Brittney Hofer is a second year MFA candidate in Sculpture and Post Studio Practices at the University of Colorado Boulder. She received her BFA at the University of Montana Missoula in 2016, with a focus in sculpture and a minor in Art History. Her interdisciplinary work looks at the sensory and cultural ways humans interact with the land and components of exchange within this relationship. Hofer uses the body as a tool of research in order to gain insights into our sensory capabilities and the role they play in the orientation of self within place. By utilizing agrarian objects such as cattle guards, dirt roads, and barbed wire fences, Hofer investigates the overlaps between western music making and land use in western expansion. She explores how lines and borders created within these practices have dictated humans' interactions with the environment, both physically and audibly.
Students in the Engaged Arts and Humanities Graduate Student Scholars program participate in the development of a community-engaged scholarship "partner" project. Below, please read about Hofer's project and her approach to this work.
I am working on a community-based art project that is aimed at bridging the gap between art and community through music— offering a new perspective on what that can be. Within the manifestation of the project, Hofer will map the multiple layers of water in the valley and transpose them into a graphically notated music score that will then be performed by a musician from the San Luis Valley. The recording of the composition will then be broadcasted via loudspeaker that will be attached to a rotating center pivot point set up next to the first acequia in Colorado, The Peoples Ditch in San Luis, Colorado. The significance of the center pivot irrigation systems stems from current water resource issues that are threatening the livelihood of agriculture within the state. The specific placement next to the acequia emphasizes the tension between the two different types of irrigation as well as water rights while subverting the intention of the center pivot as an ode to the acequia. As a collaborative team, a musician local to the valley and I will compose a graphic score specific to the water shortages affecting the San Luis Valley and record it being played on a piano.

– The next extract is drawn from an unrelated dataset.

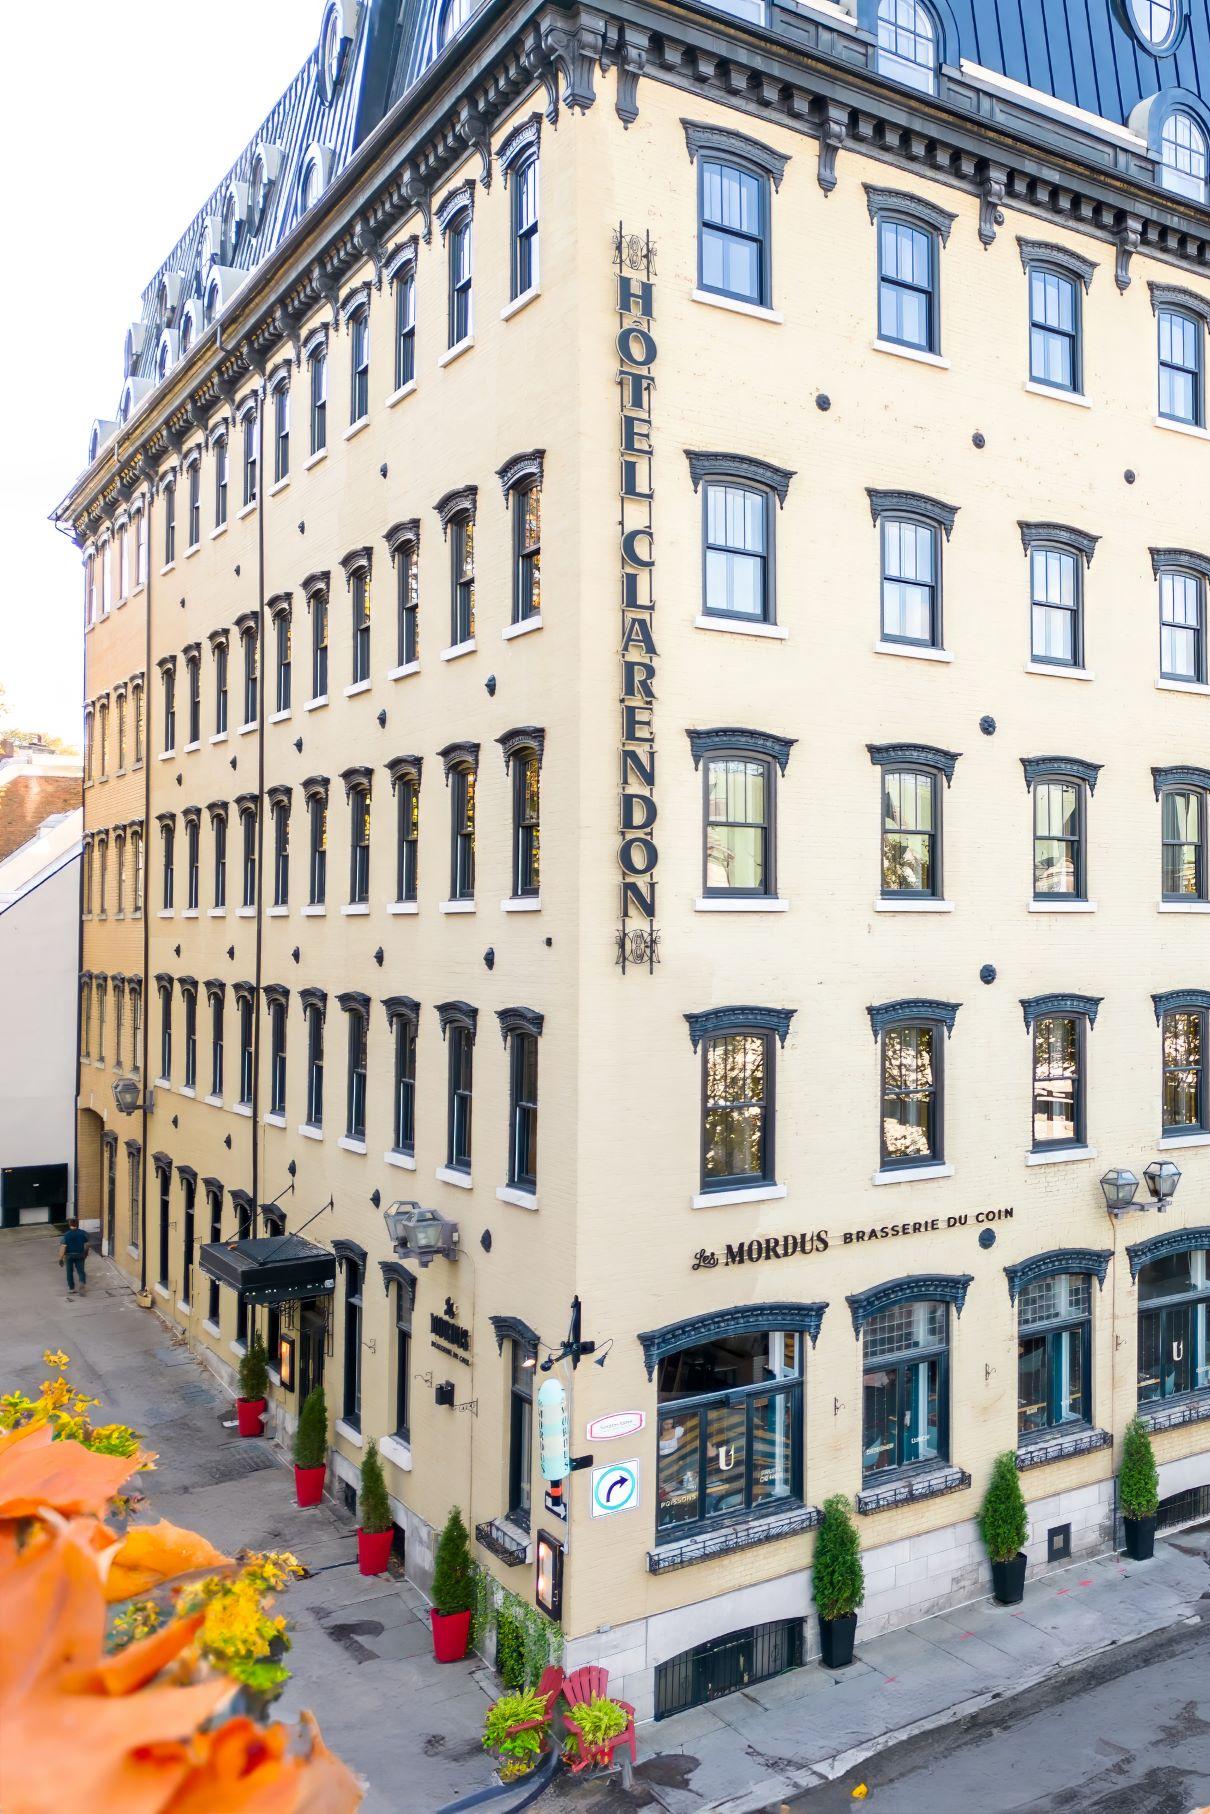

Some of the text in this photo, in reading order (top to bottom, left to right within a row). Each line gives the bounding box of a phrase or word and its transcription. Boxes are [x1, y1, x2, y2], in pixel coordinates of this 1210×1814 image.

[615, 271, 660, 920] HÔTEL CLARENDON
[692, 1207, 1014, 1270] Les MORDUS BRASSERIE DU COIN

I will also host a series of meditative Deep Listening workshops for the community aimed at offering an artistic interpretation of environmental issues through site-specific artwork and the research created through its construction. Through partnering with the American Music Research Center (AMRC), both the recordings of the deep listening workshops and the graphic composition (in book form and recorded) will be put in the collection at CU Boulder’s AMRC. I hope to also offer this to the Sangre de Cristo National Heritage Center’s Voices of the Valley project. The community’s role in all of this is to aid in both cultural and historical documentation of the changing environment dependent on agriculture.
As an artist, I am capitalizing on my specialty of community-engaged, site-specific art installations that open up a discourse between the importance of arts and music within rural communities. I also plan on leveraging the tools of ethnographic research.
My work utilizes multiple aspects of engaged scholarship such as community workshops, deep listening, and site-specific, non-traditional techniques. As a site-specific artist, community-engaged scholarship aids in creative research through the connections found between people and place and culture. I am going to a small rural community in Southern Colorado that is witnessing firsthand these specific water issues mentioned earlier. Within my practice and creative works, this type of community engagement helps me gain a local perspective as well as a communal understanding of a subject.
I frame this work through the personal experience of growing up in rural, northern Montana. I was raised on a farm and the value of depending on the land was instilled in me from an early age. In addition to that, I studied classical piano for ten years, so my work comes from a place of intersectionality between the lines and borders created within both music and agriculture. These processes/practices of piano and rural communities speak to my future goals as a community facilitator of deep listening workshops that offer a space where both of those things can physically and audibly connect us through vibrations of ephemeral sounds.